On Tuesday, Ascension said it was “making progress in both restoring operations and reconnecting our partners into the network,” and some nurses say they may soon have limited access to previous records. But Ascension has not offered a timeline for restoration of full digital access, saying in an emailed statement Tuesday night only that “it will take time to return to normal operations.”
Few providers were willing to publicly discuss the extent of the damage wrought by the ransomware attacks, across many states and medical departments. The havoc has yet to be fully assessed, and Ascension is intent on keeping as much of its operations open as possible.
Union nurses say the cyberattack has worsened staffing shortages. The issue has dogged labor relations with Ascension, although the company has denied it. Nurses in Wichita recently clashed with the hospital’s management over whether there were too few nurses in the intensive care unit.
“Despite the challenges posed by the recent ransomware attack, patient safety continues to be our utmost priority,” Ascension said in an emailed statement. “Our dedicated doctors, nurses and care teams are demonstrating incredible thoughtfulness and resilience as we utilize manual and paper-based systems during the ongoing disruption to normal systems.”
“Our care teams are well versed on dynamic situations and are appropriately trained to maintain high-quality care during downtime,” it added. “Our leadership, physicians, care teams and associates are working to ensure patient care continues with minimal to no interruption.”
Ascension said it would tell patients if an appointment or a procedure might need to be rescheduled. The organization has not yet determined whether sensitive patient data has been compromised, and it is referring the public to its website for updates.
The risks to patient care from cyberattacks have been well-documented. Studies have shown that hospital mortality rises after an attack, and the effects may be felt even by neighboring hospitals, lowering the quality of care at the hospitals forced to take on additional patients.
An added concern is whether sensitive patient information has been compromised and who should be held accountable. In the fallout from the Change attack, doctors are pushing U.S. government health officials to make clear that Change bears responsibility for alerting patients. According to a letter from the American Medical Association and other physician groups earlier this week, doctors urged officials to “publicly state that its breach investigation and immediate efforts at remediation will be focused on Change Healthcare, and not the providers affected by Change Healthcare’s breach.”
These kinds of ransomware attacks have become increasingly common, as cybercriminals, often backed by criminals with ties to foreign states like Russia or China, have determined just how lucrative and disruptive targeting large health organizations can be. UnitedHealth’s chief executive, Andrew Witty, recently told Congress the company paid $22 million in ransom to cybercriminals.
The Change attack has drawn a lot more government attention to the problem. The White House and federal agencies have held several meetings with industry officials, and Congress asked Mr. Witty to appear earlier this month to discuss the hack in detail.

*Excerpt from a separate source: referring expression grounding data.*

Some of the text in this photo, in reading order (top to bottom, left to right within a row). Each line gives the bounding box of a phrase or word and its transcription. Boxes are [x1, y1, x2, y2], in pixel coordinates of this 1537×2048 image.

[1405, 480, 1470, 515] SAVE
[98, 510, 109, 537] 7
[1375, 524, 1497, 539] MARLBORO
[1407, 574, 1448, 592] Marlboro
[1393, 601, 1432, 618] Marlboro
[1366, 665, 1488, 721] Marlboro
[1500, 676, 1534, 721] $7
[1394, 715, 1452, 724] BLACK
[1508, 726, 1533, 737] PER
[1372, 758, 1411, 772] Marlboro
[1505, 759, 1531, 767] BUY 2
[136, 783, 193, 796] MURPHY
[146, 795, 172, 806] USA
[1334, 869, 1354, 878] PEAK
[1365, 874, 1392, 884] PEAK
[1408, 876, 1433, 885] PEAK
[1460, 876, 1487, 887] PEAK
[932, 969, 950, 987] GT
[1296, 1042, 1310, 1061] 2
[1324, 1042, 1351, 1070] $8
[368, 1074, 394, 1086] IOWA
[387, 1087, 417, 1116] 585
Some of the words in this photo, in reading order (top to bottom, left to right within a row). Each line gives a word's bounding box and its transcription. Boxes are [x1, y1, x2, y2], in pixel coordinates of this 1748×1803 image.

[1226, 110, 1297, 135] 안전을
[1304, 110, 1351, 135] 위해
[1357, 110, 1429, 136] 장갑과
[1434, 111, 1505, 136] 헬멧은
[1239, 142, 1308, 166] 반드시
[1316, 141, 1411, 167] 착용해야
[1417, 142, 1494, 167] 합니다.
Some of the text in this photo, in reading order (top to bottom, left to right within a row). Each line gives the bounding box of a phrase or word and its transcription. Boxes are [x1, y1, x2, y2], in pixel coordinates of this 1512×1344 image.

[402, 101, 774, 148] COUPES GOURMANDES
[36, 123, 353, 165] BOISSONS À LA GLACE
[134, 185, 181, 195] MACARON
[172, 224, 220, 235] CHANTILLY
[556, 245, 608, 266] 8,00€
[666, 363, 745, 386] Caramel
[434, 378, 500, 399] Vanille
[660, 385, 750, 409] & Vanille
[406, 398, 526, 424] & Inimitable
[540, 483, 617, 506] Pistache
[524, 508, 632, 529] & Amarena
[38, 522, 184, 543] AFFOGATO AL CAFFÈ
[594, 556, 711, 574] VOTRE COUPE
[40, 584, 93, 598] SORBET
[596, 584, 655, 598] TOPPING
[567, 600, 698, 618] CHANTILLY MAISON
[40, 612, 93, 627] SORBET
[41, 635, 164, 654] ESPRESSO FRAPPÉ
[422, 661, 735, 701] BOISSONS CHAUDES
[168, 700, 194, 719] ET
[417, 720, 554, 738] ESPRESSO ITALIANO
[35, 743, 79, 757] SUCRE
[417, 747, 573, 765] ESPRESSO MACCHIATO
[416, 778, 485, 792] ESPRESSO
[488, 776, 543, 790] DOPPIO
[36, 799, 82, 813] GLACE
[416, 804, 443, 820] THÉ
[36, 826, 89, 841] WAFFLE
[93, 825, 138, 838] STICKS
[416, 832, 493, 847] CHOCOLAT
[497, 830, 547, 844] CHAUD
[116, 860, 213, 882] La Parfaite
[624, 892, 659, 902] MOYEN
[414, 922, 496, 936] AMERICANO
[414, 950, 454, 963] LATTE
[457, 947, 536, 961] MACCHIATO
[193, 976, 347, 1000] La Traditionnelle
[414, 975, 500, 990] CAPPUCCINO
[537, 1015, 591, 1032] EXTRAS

Many lawmakers pointed to the increasing size of health care organizations as a reason the nation’s delivery of medical care to millions of Americans has become increasingly vulnerable.
Experts in cybersecurity say hospitals have little choice but to shut their systems down if a hacker manages to gain entry. Because the criminals infiltrate the entire computer system, “hospitals have no choice but to go to paper,” said Errol Weiss, chief security officer for the Health Information Sharing and Analysis Center, which he described as a virtual neighborhood watch for the industry.
He says it would be unrealistic to expect a hospital to have redundant systems in the event of a ransomware or malware attack. “It’s just not possible and feasible in this economic environment,” Mr. Weiss said.